▶ [Provided records]:
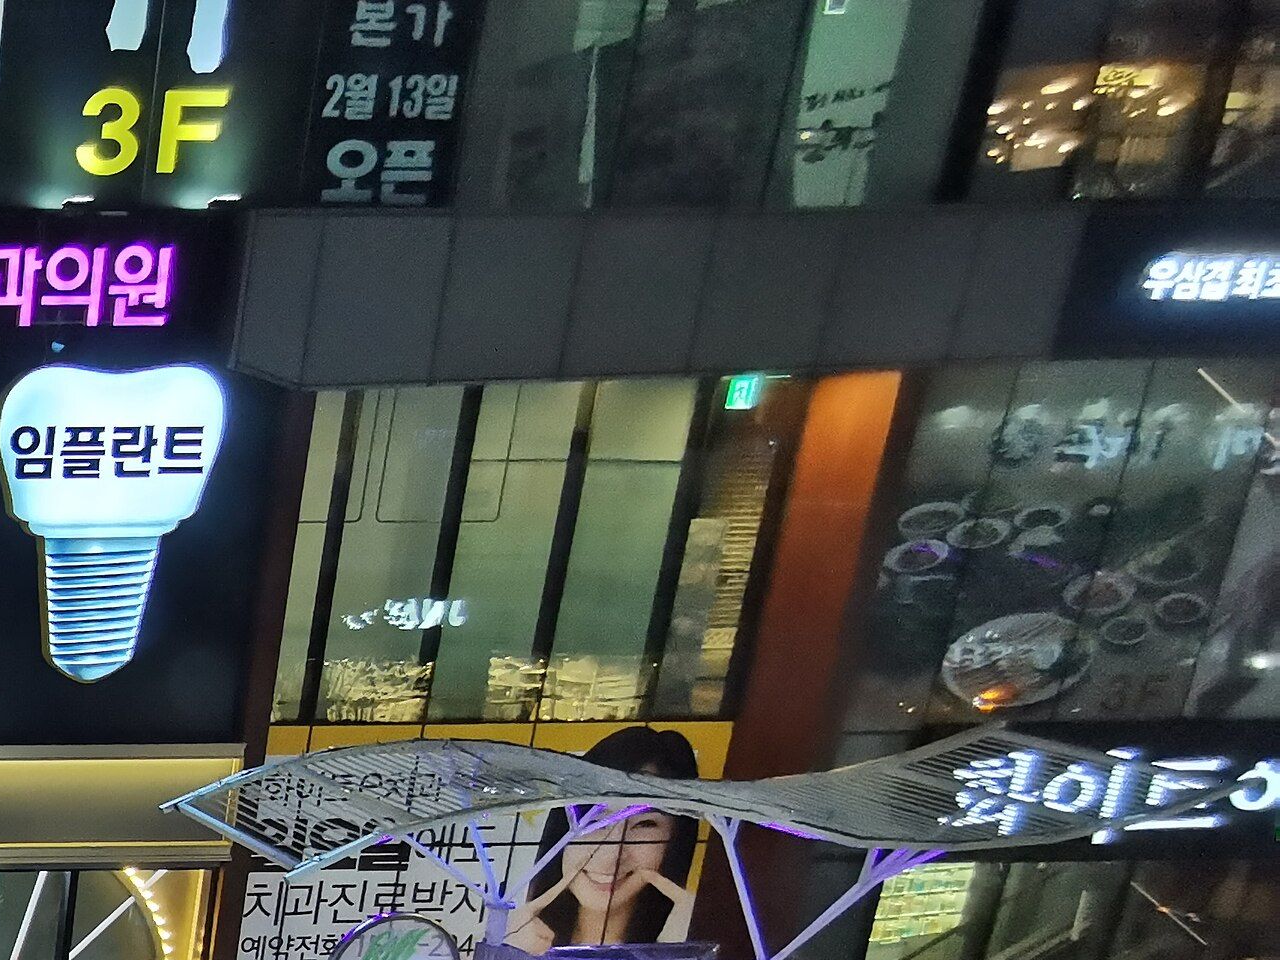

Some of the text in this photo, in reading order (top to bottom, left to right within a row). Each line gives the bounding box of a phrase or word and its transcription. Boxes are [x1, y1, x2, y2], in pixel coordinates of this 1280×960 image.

[325, 71, 458, 122] 2월 13일
[75, 86, 231, 177] 3F
[325, 138, 435, 204] 오픈
[8, 424, 205, 480] 임플란트

▶ [Assignment]:
Transcribe all the records above word for word, without their images.

▶ [Result of this exercise]:
Some of the text in this photo, in reading order (top to bottom, left to right within a row). Each line gives the bounding box of a phrase or word and its transcription. Boxes are [x1, y1, x2, y2], in pixel coordinates of this 1280×960 image.

[325, 71, 458, 122] 2월 13일
[75, 86, 231, 177] 3F
[325, 138, 435, 204] 오픈
[8, 424, 205, 480] 임플란트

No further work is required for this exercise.